ATAD III : passer la substance des holdings au filtre de la directive société écran s’impose dès cette année.

Les administrations fiscales des Etats de source des revenus ou de résidence de l’actionnaire se résoudront elles réellement à l’analyse de l’Etat de résidence de la société « à risque » ?

Répondant à une demande du Parlement Européen à la suite de Panama Papers et Luxleak, la Commission a rendu public le projet de directive 2021/0434 ou ATAD III visant à prévenir l’utilisation de sociétés écrans. Ses dispositions transposées devraient être applicables au 1er janvier 2024 avec la nécessité d’apprécier certains critères dès cette année (soit 2 ans avant).

Le dispositif vise à titre principal les sociétés holdings, financières, détentrices de droits de propriété intellectuelle et immobilières avec une activité ou des actifs transfrontaliers. Les entreprises bancaires ou financières règlementées sont exclues comme les fonds AIFM.

Les entreprises éligibles devront elles-mêmes déclarer à l’administration si elles présentent ou non un risque d’être considérées comme société écran à travers l’application de 3 critères.
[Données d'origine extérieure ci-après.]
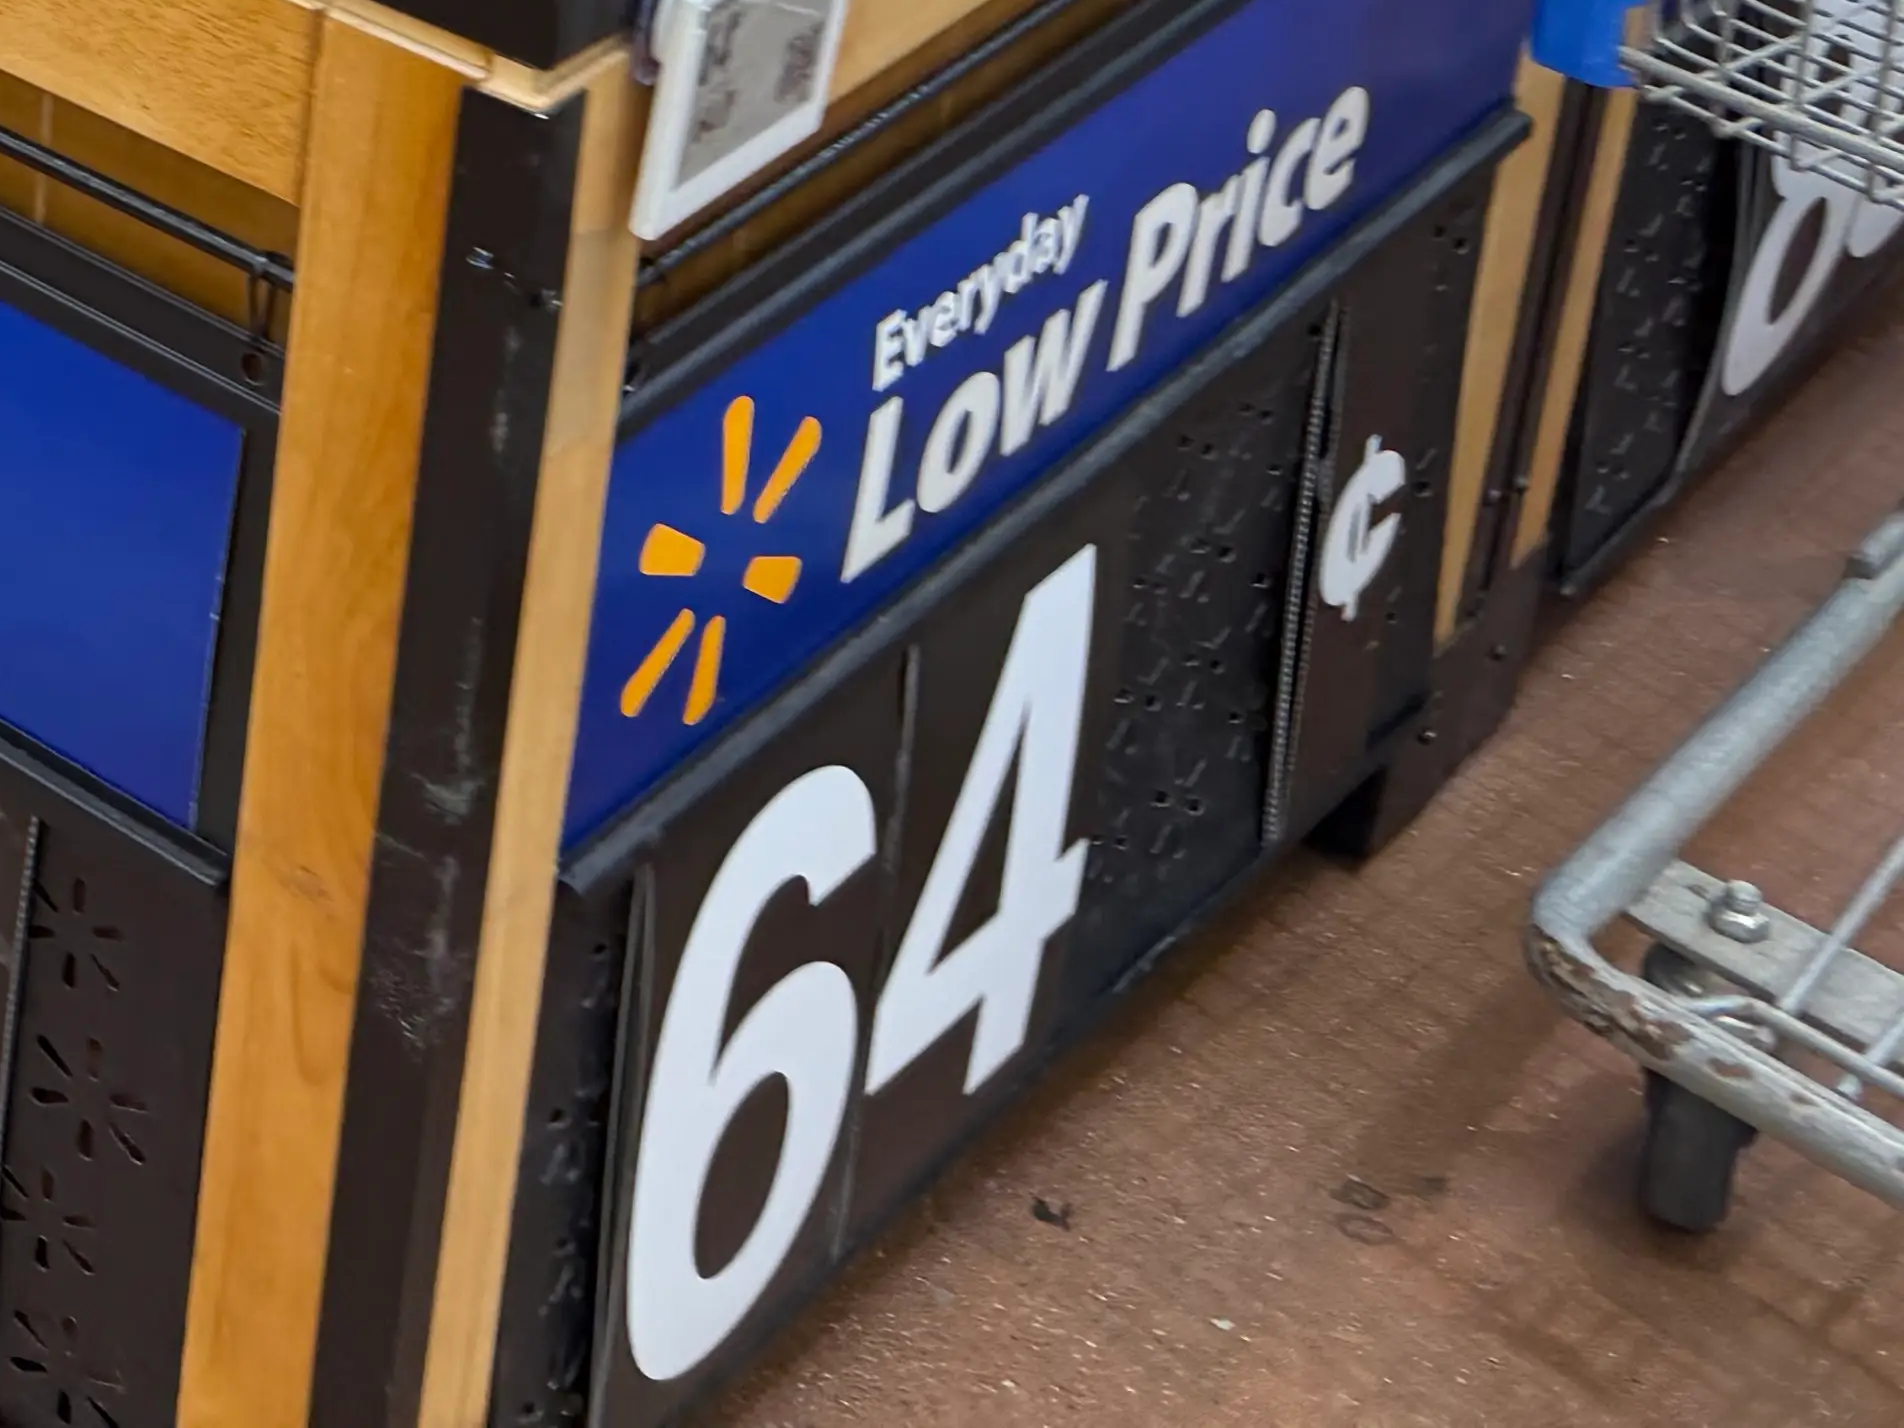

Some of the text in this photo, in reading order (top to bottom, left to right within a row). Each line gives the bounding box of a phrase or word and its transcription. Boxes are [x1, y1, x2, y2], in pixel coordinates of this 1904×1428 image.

[840, 86, 1368, 583] Low Price
[872, 191, 1089, 392] Everyday
[626, 543, 1097, 1382] 64
Dans l’affirmative, la société conserverait la possibilité de démontrer que son interposition ne présente aucun avantage fiscal, ce qui ne l’empêcherait pas d’être signalée dans un fichier central dédié à destination de tous les Etats membres. A défaut, la « société à risque » devra justifier qu’elle n’est pas une société écran à travers 3 autres critères de substance minimale (d’activité et de gestion locale). En cas d’échec, la société devenue « écran » sera fiscalement neutralisée : son actionnaire sera imposable par transparence et le bénéfice par la société écran des dispositions favorables des directives et des conventions seront refusés. La société conservera néanmoins une dernière possibilité de démontrer une substance suffisante liée à son activité par son autonomie de gestion et une activité économique réelle générant les revenus.

La directive vise à harmoniser la définition des sociétés écran et la sanction attachée en mettant en place un système de transparence entre les Etats membres. La question de substance appelle le plus souvent une réponse à géométrie variable et nécessairement différente selon les activités. Une harmonisation efficace à travers des critères objectifs commanderait d’harmoniser également leur appréciation qui devra nécessairement varier chez et selon les Etats de résidence de la société. L’appréciation des conditions d’exonération et de renversement de présomption devraient également être alignées.

Le dispositif devrait imposer aux Etats membres (de source ou de l’actionnaire) de s’en tenir à l’analyse conduite par un autre Etat membre (Etat de résidence de la société). On ne peut toutefois éviter de s’interroger sur d’éventuelles difficultés d’application.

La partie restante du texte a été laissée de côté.